Materials provided: Begin
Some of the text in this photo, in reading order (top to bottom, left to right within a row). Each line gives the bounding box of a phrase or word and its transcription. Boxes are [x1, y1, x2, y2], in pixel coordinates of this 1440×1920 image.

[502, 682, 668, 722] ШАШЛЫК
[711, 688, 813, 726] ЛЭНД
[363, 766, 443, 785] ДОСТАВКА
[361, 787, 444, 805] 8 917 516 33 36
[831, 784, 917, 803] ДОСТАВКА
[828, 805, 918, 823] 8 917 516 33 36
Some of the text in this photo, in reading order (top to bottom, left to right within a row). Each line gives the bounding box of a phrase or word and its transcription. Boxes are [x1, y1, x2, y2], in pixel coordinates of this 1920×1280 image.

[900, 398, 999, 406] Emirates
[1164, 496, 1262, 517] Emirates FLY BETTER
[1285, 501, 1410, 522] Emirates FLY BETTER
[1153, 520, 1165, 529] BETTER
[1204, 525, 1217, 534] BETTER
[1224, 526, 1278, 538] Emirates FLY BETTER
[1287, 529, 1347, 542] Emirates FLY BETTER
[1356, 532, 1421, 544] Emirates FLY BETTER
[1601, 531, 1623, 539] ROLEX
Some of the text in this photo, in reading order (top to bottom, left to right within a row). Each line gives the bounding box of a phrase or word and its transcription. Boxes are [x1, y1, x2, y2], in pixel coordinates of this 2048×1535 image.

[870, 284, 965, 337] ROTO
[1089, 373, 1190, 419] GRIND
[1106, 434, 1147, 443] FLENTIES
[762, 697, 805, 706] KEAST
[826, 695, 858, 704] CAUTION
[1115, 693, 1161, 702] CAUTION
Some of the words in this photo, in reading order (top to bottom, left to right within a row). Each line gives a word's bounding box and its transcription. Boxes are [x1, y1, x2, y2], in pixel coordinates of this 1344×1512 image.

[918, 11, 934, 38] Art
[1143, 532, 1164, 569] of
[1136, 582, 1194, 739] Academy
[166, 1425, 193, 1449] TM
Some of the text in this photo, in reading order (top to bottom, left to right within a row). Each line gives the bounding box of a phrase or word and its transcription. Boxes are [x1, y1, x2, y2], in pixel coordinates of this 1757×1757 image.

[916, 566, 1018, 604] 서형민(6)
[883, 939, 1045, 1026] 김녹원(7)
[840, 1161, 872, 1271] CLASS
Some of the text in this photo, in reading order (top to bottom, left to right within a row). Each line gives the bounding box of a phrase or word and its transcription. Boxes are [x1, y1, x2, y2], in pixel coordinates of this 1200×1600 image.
Materials provided: End
Work to complete:
Go through the data and copy each line exactly as it was written.

Answer below:
Some of the text in this photo, in reading order (top to bottom, left to right within a row). Each line gives the bounding box of a phrase or word and its transcription. Boxes are [x1, y1, x2, y2], in pixel coordinates of this 1440×1920 image.

[502, 682, 668, 722] ШАШЛЫК
[711, 688, 813, 726] ЛЭНД
[363, 766, 443, 785] ДОСТАВКА
[361, 787, 444, 805] 8 917 516 33 36
[831, 784, 917, 803] ДОСТАВКА
[828, 805, 918, 823] 8 917 516 33 36
Some of the text in this photo, in reading order (top to bottom, left to right within a row). Each line gives the bounding box of a phrase or word and its transcription. Boxes are [x1, y1, x2, y2], in pixel coordinates of this 1920×1280 image.

[900, 398, 999, 406] Emirates
[1164, 496, 1262, 517] Emirates FLY BETTER
[1285, 501, 1410, 522] Emirates FLY BETTER
[1153, 520, 1165, 529] BETTER
[1204, 525, 1217, 534] BETTER
[1224, 526, 1278, 538] Emirates FLY BETTER
[1287, 529, 1347, 542] Emirates FLY BETTER
[1356, 532, 1421, 544] Emirates FLY BETTER
[1601, 531, 1623, 539] ROLEX
Some of the text in this photo, in reading order (top to bottom, left to right within a row). Each line gives the bounding box of a phrase or word and its transcription. Boxes are [x1, y1, x2, y2], in pixel coordinates of this 2048×1535 image.

[870, 284, 965, 337] ROTO
[1089, 373, 1190, 419] GRIND
[1106, 434, 1147, 443] FLENTIES
[762, 697, 805, 706] KEAST
[826, 695, 858, 704] CAUTION
[1115, 693, 1161, 702] CAUTION
Some of the words in this photo, in reading order (top to bottom, left to right within a row). Each line gives a word's bounding box and its transcription. Boxes are [x1, y1, x2, y2], in pixel coordinates of this 1344×1512 image.

[918, 11, 934, 38] Art
[1143, 532, 1164, 569] of
[1136, 582, 1194, 739] Academy
[166, 1425, 193, 1449] TM
Some of the text in this photo, in reading order (top to bottom, left to right within a row). Each line gives the bounding box of a phrase or word and its transcription. Boxes are [x1, y1, x2, y2], in pixel coordinates of this 1757×1757 image.

[916, 566, 1018, 604] 서형민(6)
[883, 939, 1045, 1026] 김녹원(7)
[840, 1161, 872, 1271] CLASS
Some of the text in this photo, in reading order (top to bottom, left to right within a row). Each line gives the bounding box of a phrase or word and its transcription. Boxes are [x1, y1, x2, y2], in pixel coordinates of this 1200×1600 image.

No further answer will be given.